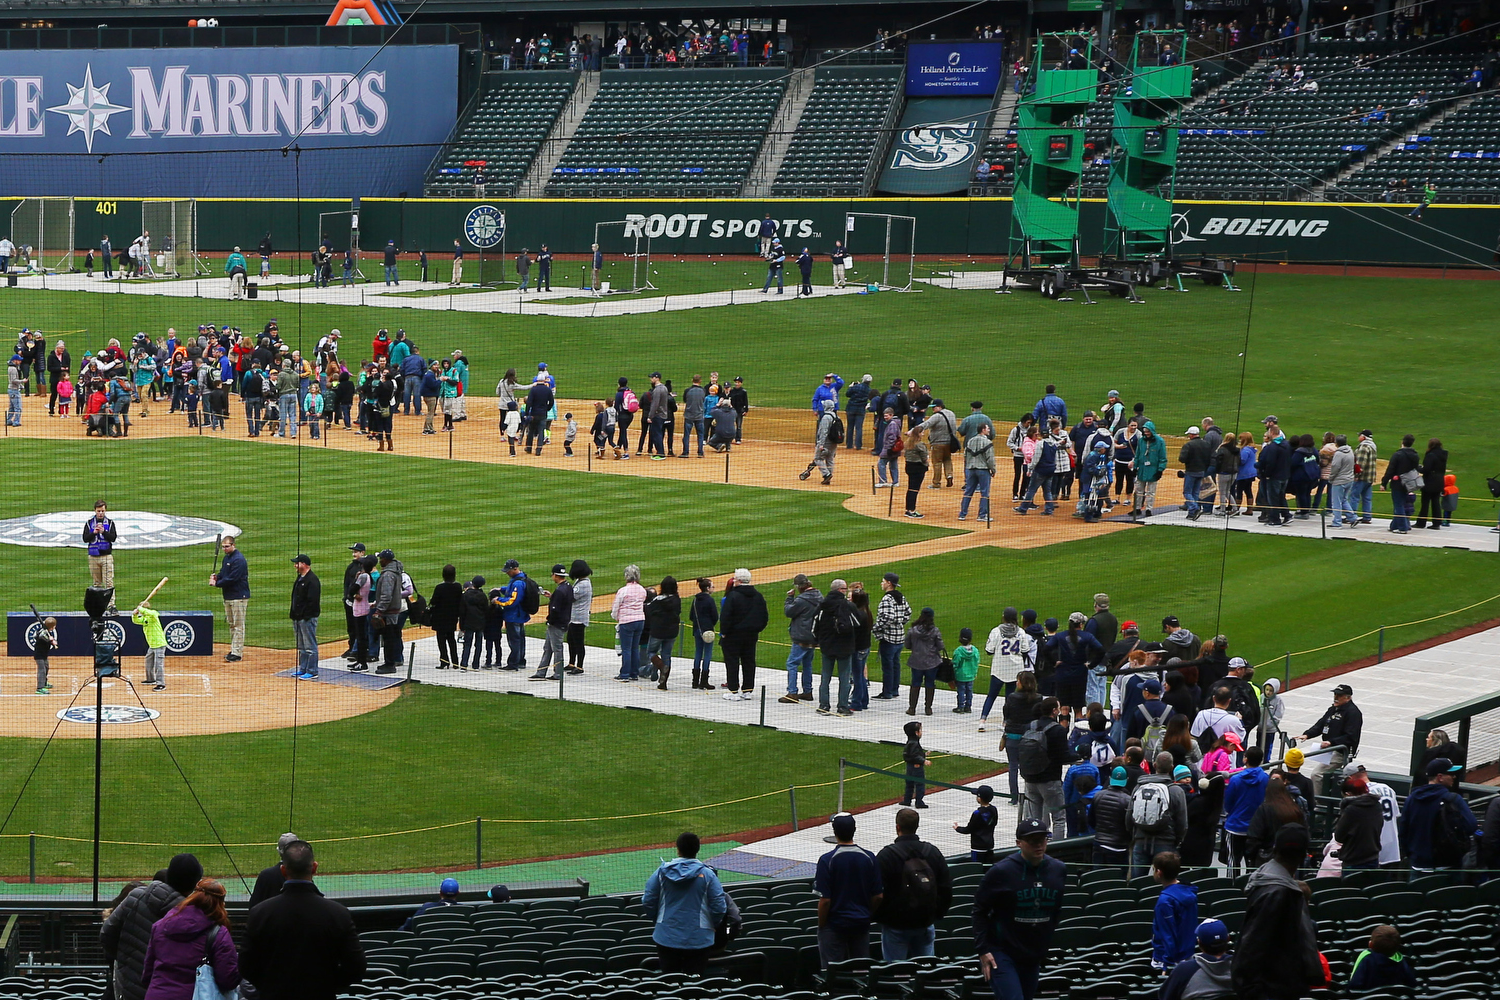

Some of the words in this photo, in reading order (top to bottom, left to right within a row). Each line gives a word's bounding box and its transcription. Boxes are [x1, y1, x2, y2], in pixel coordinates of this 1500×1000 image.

[128, 65, 388, 138] MARINERS
[95, 201, 117, 216] 401
[623, 213, 708, 239] ROOT
[1200, 217, 1330, 238] BOEING
[1001, 639, 1020, 656] 24
[1016, 887, 1059, 901] SEATTLE
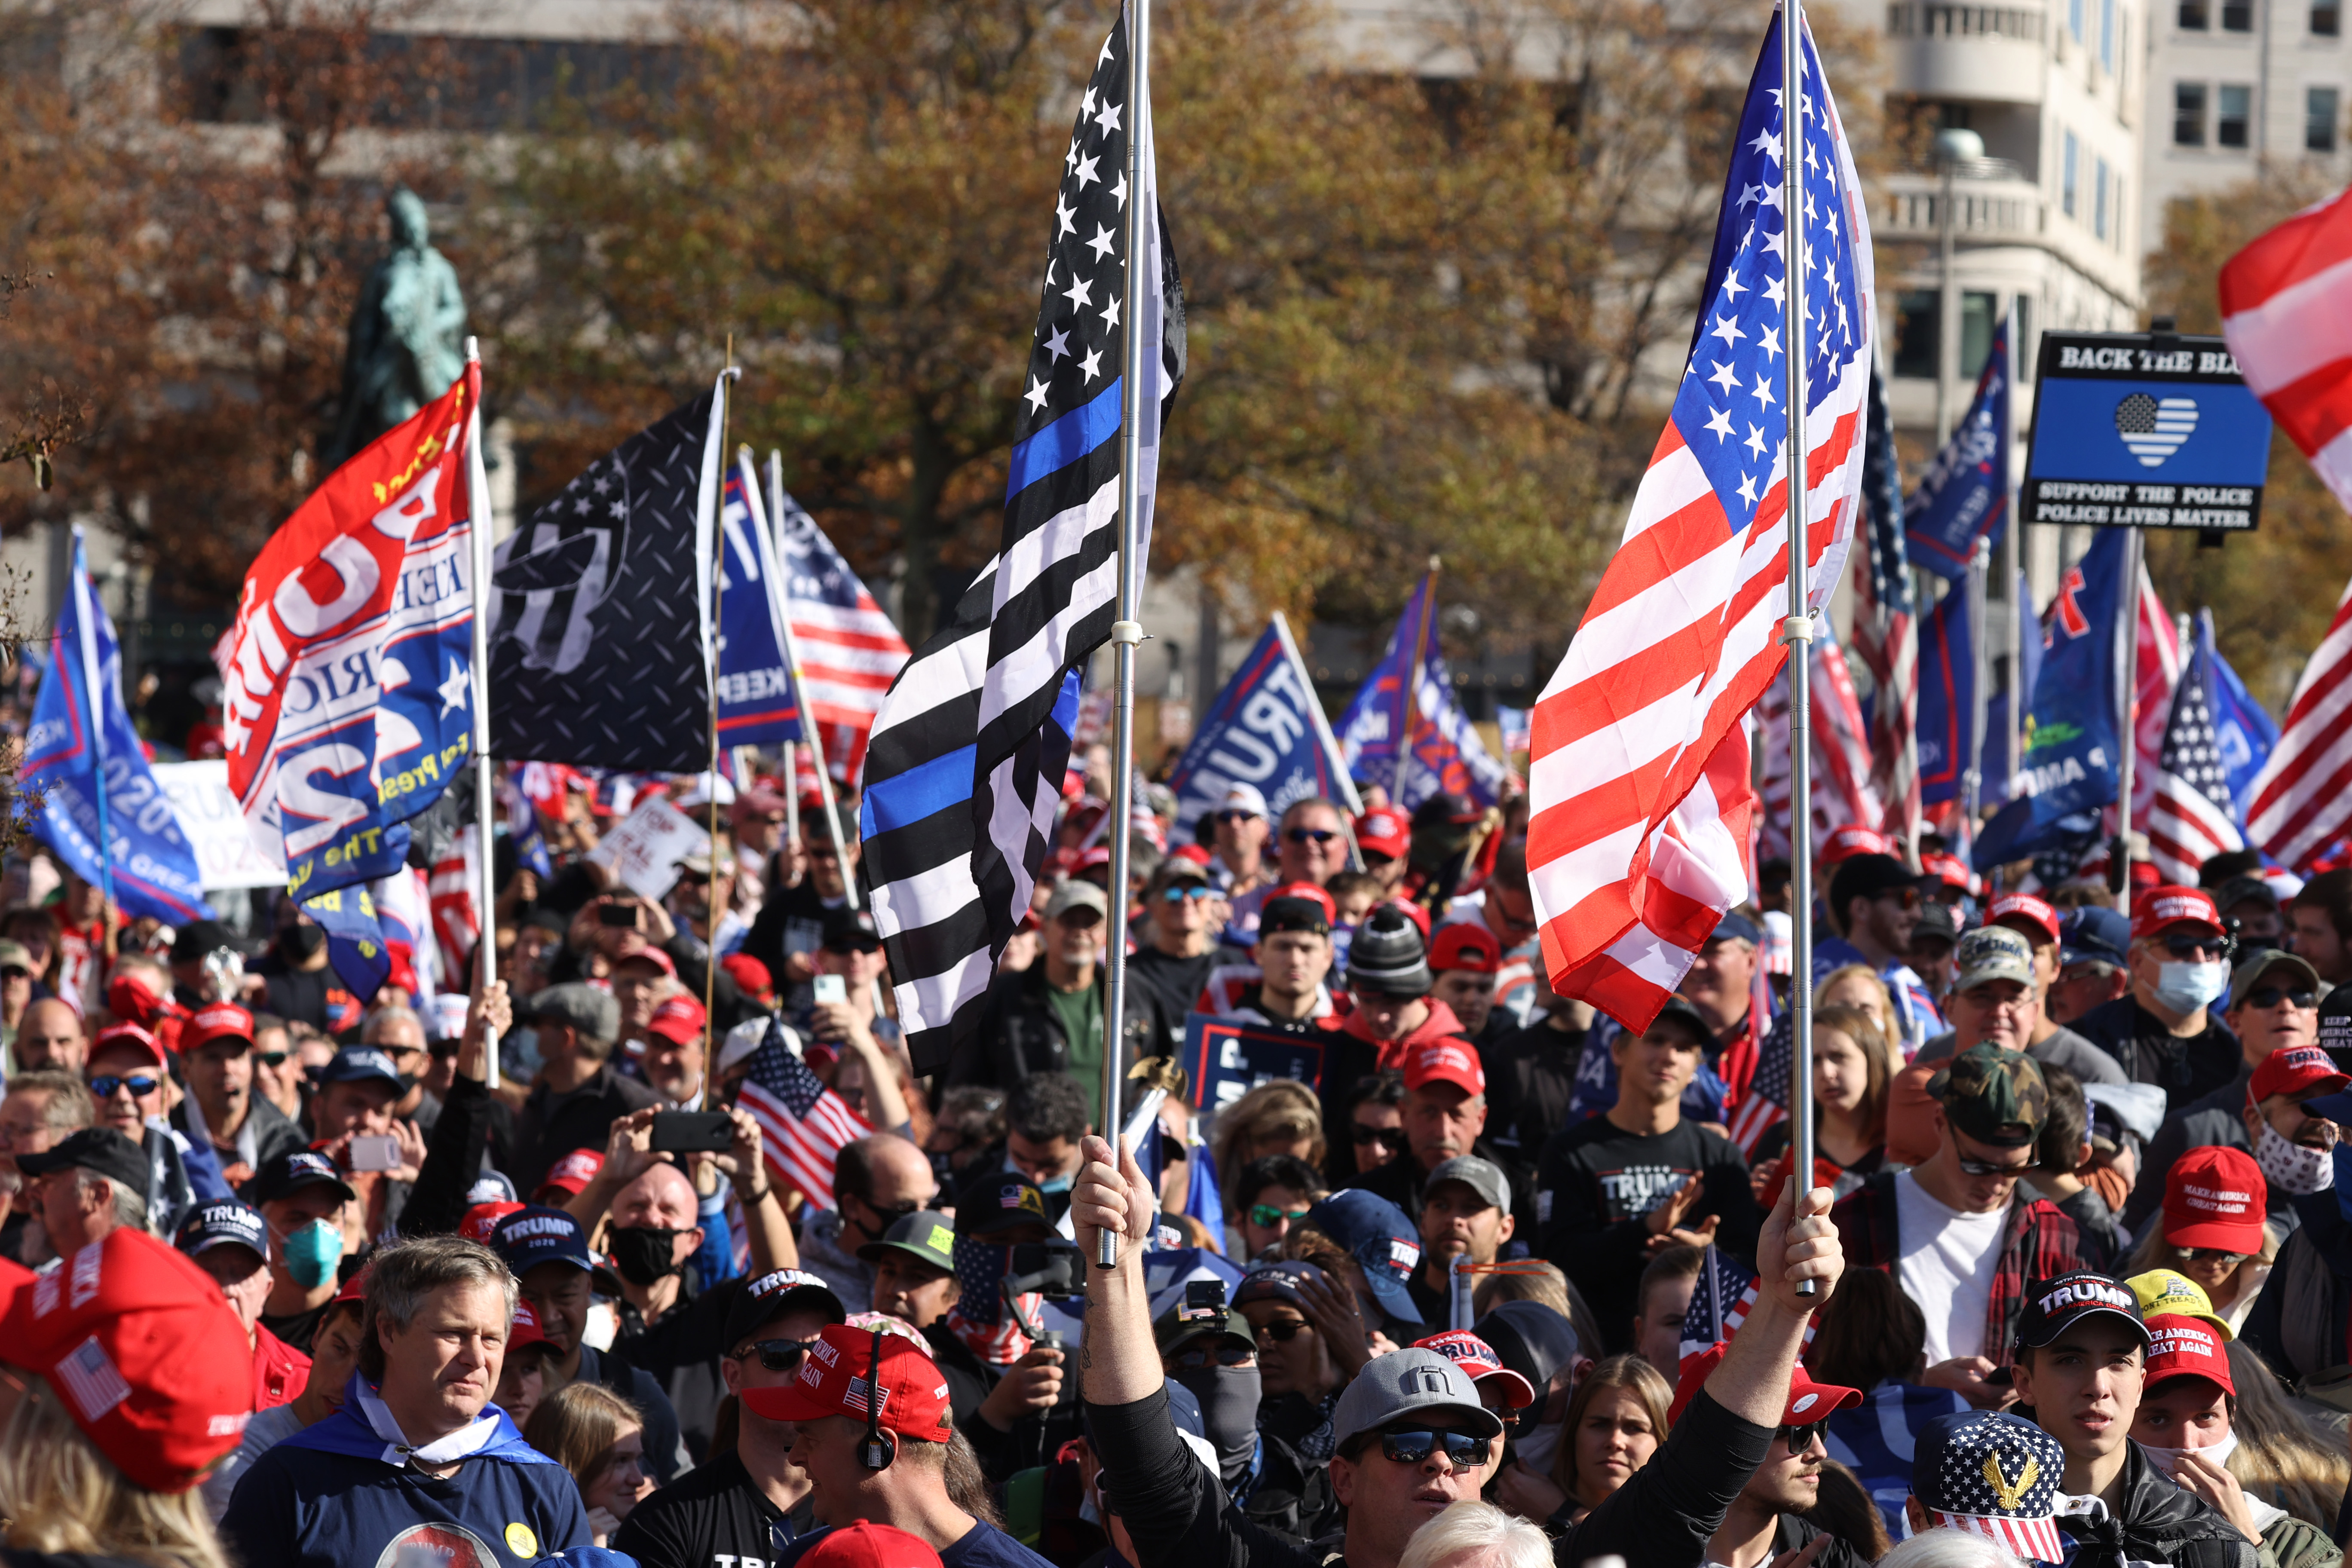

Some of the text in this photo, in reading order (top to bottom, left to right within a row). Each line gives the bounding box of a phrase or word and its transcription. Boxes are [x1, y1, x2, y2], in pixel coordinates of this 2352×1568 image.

[2060, 347, 2133, 370] BACK
[2139, 350, 2193, 373] THE
[2038, 482, 2253, 506] SUPPORT THE POLICE
[2035, 504, 2251, 528] POLICE LIVES MATTER
[2319, 1027, 2352, 1038] AMERIC
[2184, 1184, 2251, 1203] MAKE AMERICA
[2186, 1197, 2246, 1214] GREAT AGAIN
[201, 1205, 263, 1231] TRUMP
[502, 1217, 575, 1244] TRUMP
[528, 1238, 555, 1248] 2020
[2054, 1275, 2114, 1286] 45TH PRESIDENT
[2038, 1283, 2132, 1314] TRUMP
[2164, 1296, 2196, 1305] TREAD
[2046, 1307, 2066, 1319] KEEP
[2067, 1300, 2104, 1309] AMERICA
[2165, 1328, 2214, 1345] AMERICA
[2179, 1340, 2213, 1357] AGAIN
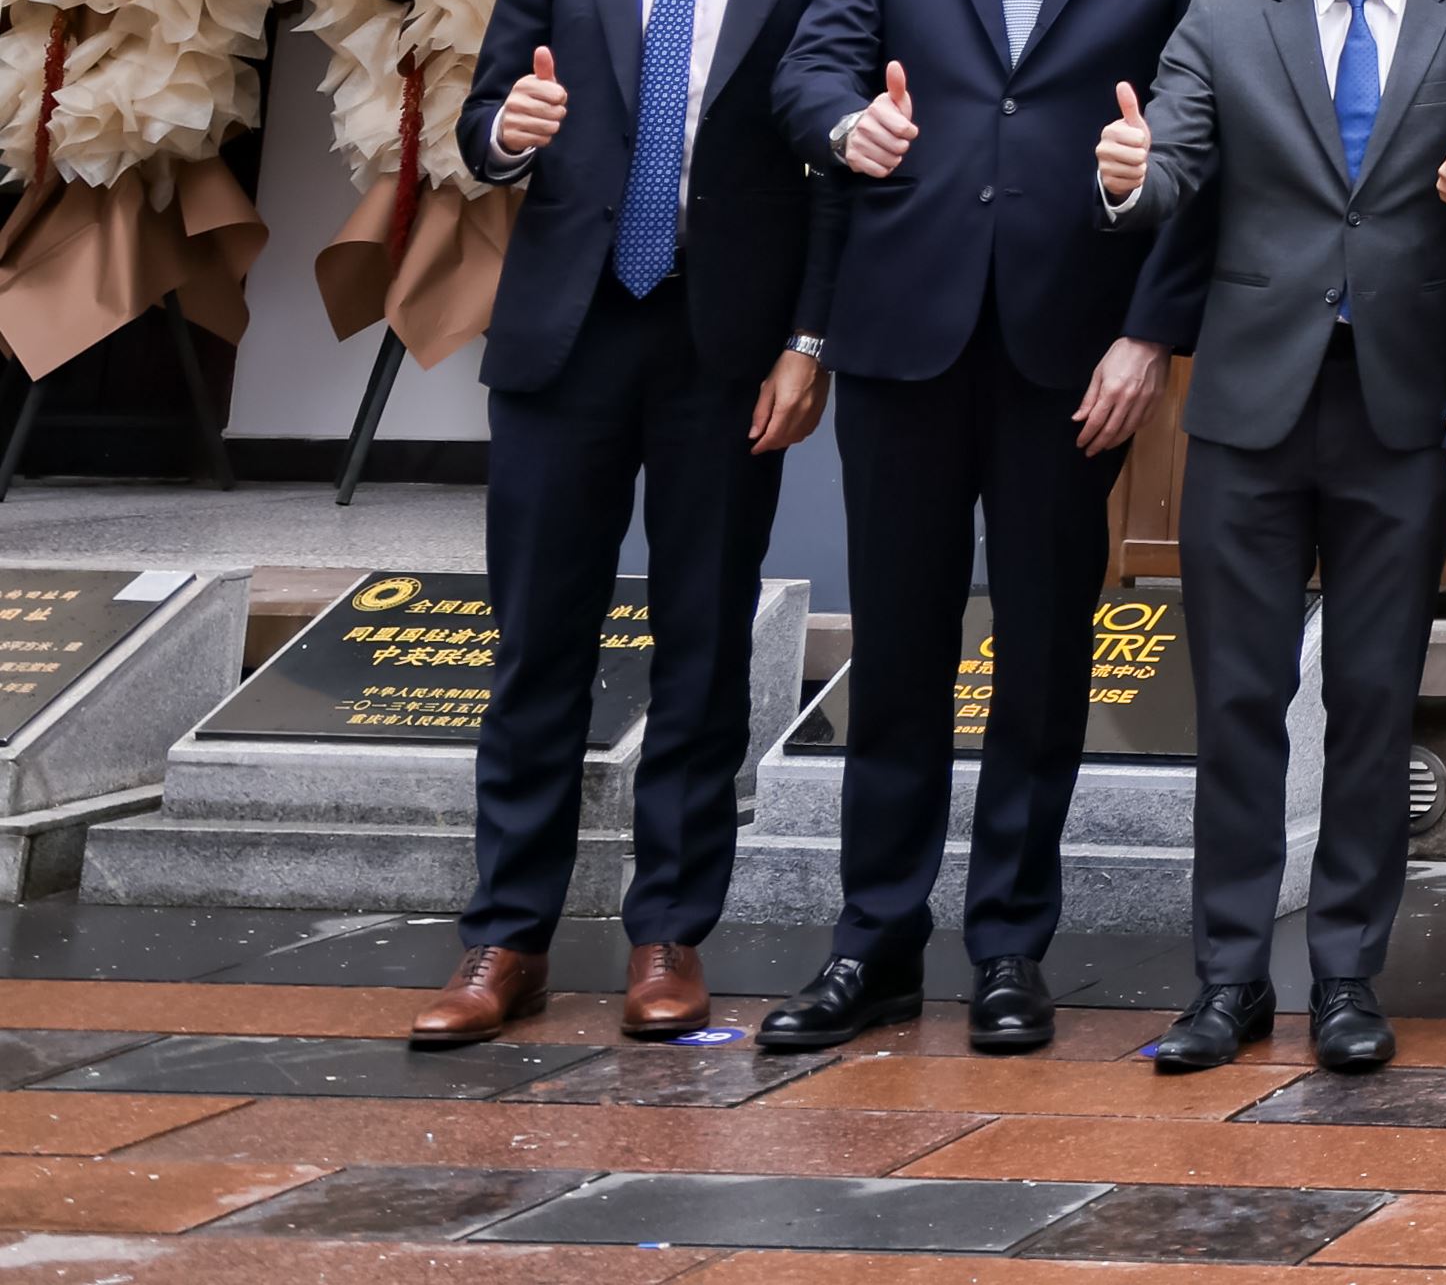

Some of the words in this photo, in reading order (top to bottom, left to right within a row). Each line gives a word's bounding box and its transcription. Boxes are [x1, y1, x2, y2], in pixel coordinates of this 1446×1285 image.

[342, 626, 500, 645] 同盟国驻渝外
[372, 645, 496, 667] 中英联络

• **EXERCISE**
What is needed is an exact copy of the lines from the one holding "this 1446×1285 image." through the final line of the material.

• **ANSWER TO THE EXERCISE**
Some of the words in this photo, in reading order (top to bottom, left to right within a row). Each line gives a word's bounding box and its transcription. Boxes are [x1, y1, x2, y2], in pixel coordinates of this 1446×1285 image.

[342, 626, 500, 645] 同盟国驻渝外
[372, 645, 496, 667] 中英联络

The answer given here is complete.